If you are given a problem to solve, how much does the presentation of that problem matter to your ability to solve it? Imagine that it's a simple problem... imagine that it is presented in two different ways, both of them simple. It turns out that presentation differences can still make a huge difference. In fact, there is a way to present problems that makes them substantially easiers to solve: make them people problems.

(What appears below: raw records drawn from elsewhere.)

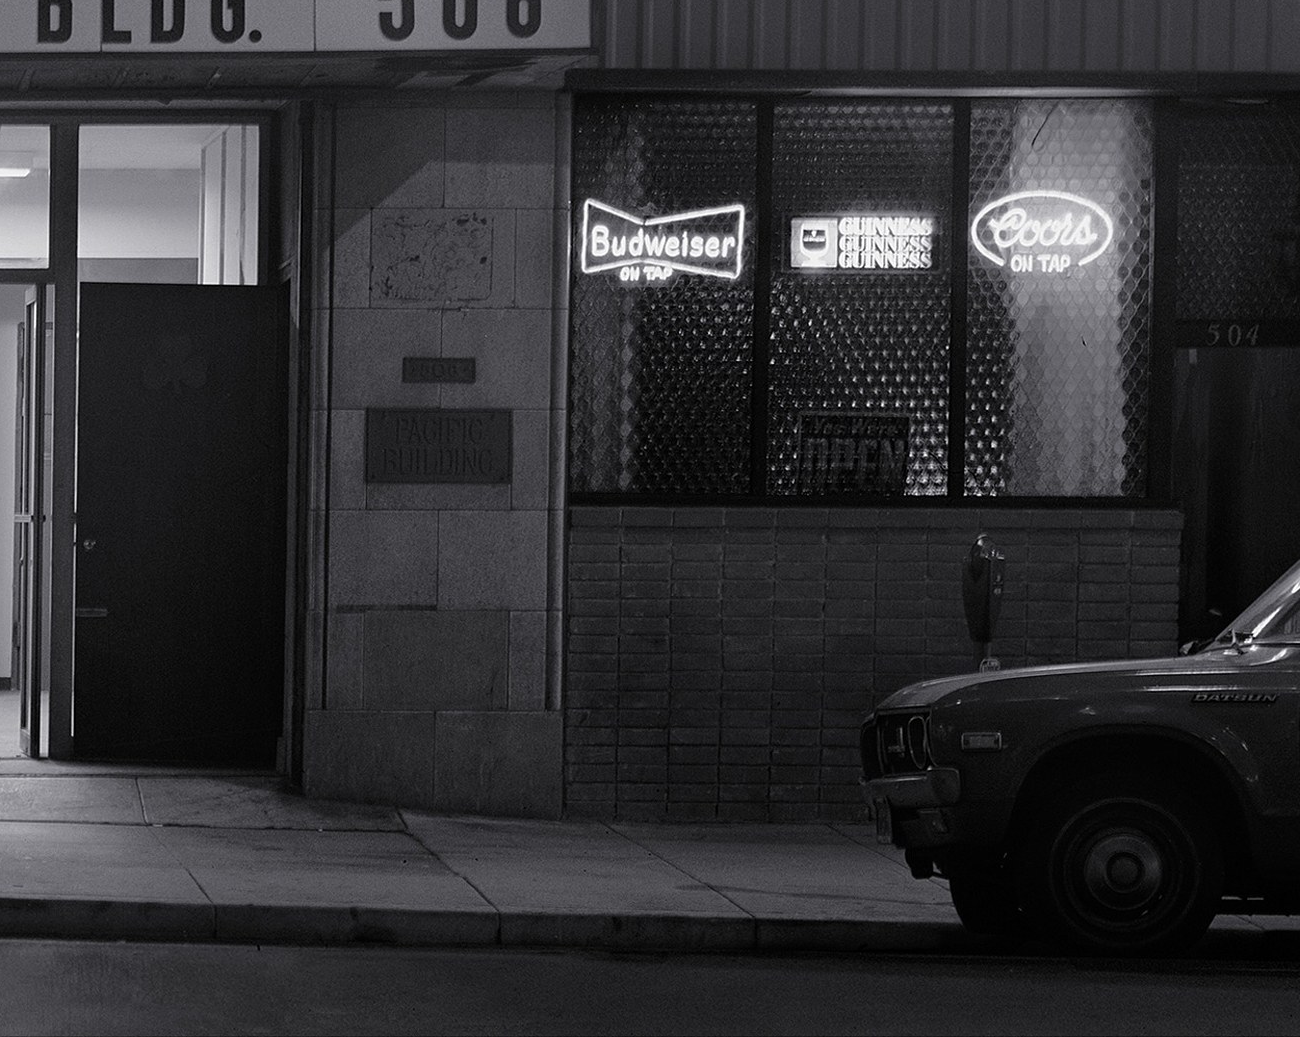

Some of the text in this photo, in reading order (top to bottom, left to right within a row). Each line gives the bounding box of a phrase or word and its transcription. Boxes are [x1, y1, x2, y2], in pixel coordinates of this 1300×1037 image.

[838, 216, 934, 236] GUINNESS
[988, 207, 1098, 248] Coors
[591, 225, 736, 258] Budweiser
[838, 235, 933, 252] GUINNESS
[838, 251, 933, 269] GUINNESS
[1010, 254, 1071, 273] ON TAP
[619, 266, 674, 281] ON TAP
[1206, 322, 1260, 347] 504
[395, 417, 483, 445] PACIFIC
[383, 448, 493, 476] BUILDING
[1191, 694, 1277, 703] DATSUN

In The Tipping Point: How Little Things Can Make a Big Difference, by Malcolm Gladwell, we are given a very concrete and suprising example of this. Here it is quoted in its entirety:

Consider the following brain teaser. Suppose I give you four cards labeled with the letters A and D and the numberals 3 and 6. The rule of the game is that a card with a vowel on it always has an even number on the other side. Which of the cards would you have to turn over to prove this rule to be true?

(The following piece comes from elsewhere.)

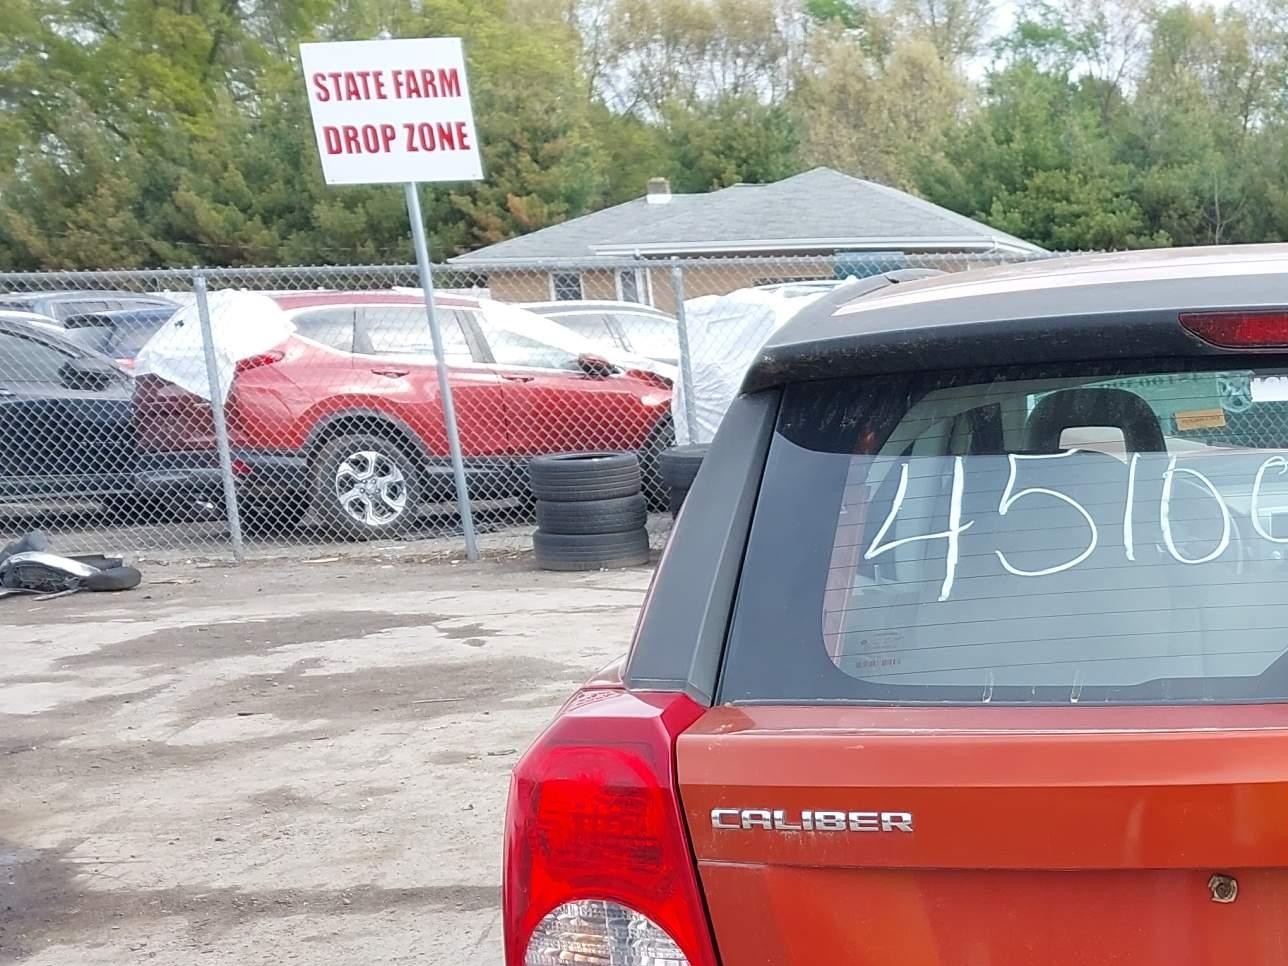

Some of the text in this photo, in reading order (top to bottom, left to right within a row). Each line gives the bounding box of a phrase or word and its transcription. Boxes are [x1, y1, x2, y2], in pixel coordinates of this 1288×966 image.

[311, 67, 462, 103] STATE FARM
[322, 120, 472, 155] DROP ZONE
[710, 808, 914, 832] CALIBER

Go ahead and take a few moments to figure that out before continuing on to the answer, and keep track of how long you work on it...

The answer is two: the A card and the three card. The overwhelming majority of people given this test, though, don't get it right. They tend to answer just the A card, or the A and the six. It's a hard question. But now let me pose another question. Suppose four people are drinking in a bar. One is drinking Coke. One is sixteen. One is drinking beer and one is twenty-five. Given the rule that no one under twenty -one is allowed to drink beer, which of those people's IDs do we have to check to make sure the law is being observed?

How long does it take you to figure that out?

Now the answer is easy. In fact, I'm sure that almost everyone will get it right: the beer drinker and the sixteen-year-old. But, as the psychologist Leda Cosmides (who dreamt up this example) points out, it is exactly the same puzzle as the A, D, 3, and 6 puzzle. The difference is that it is framed in a way that makes it about people, instead of about numbers, and as human beings we are a lot more sophisticated about each other than we are about the abstract world.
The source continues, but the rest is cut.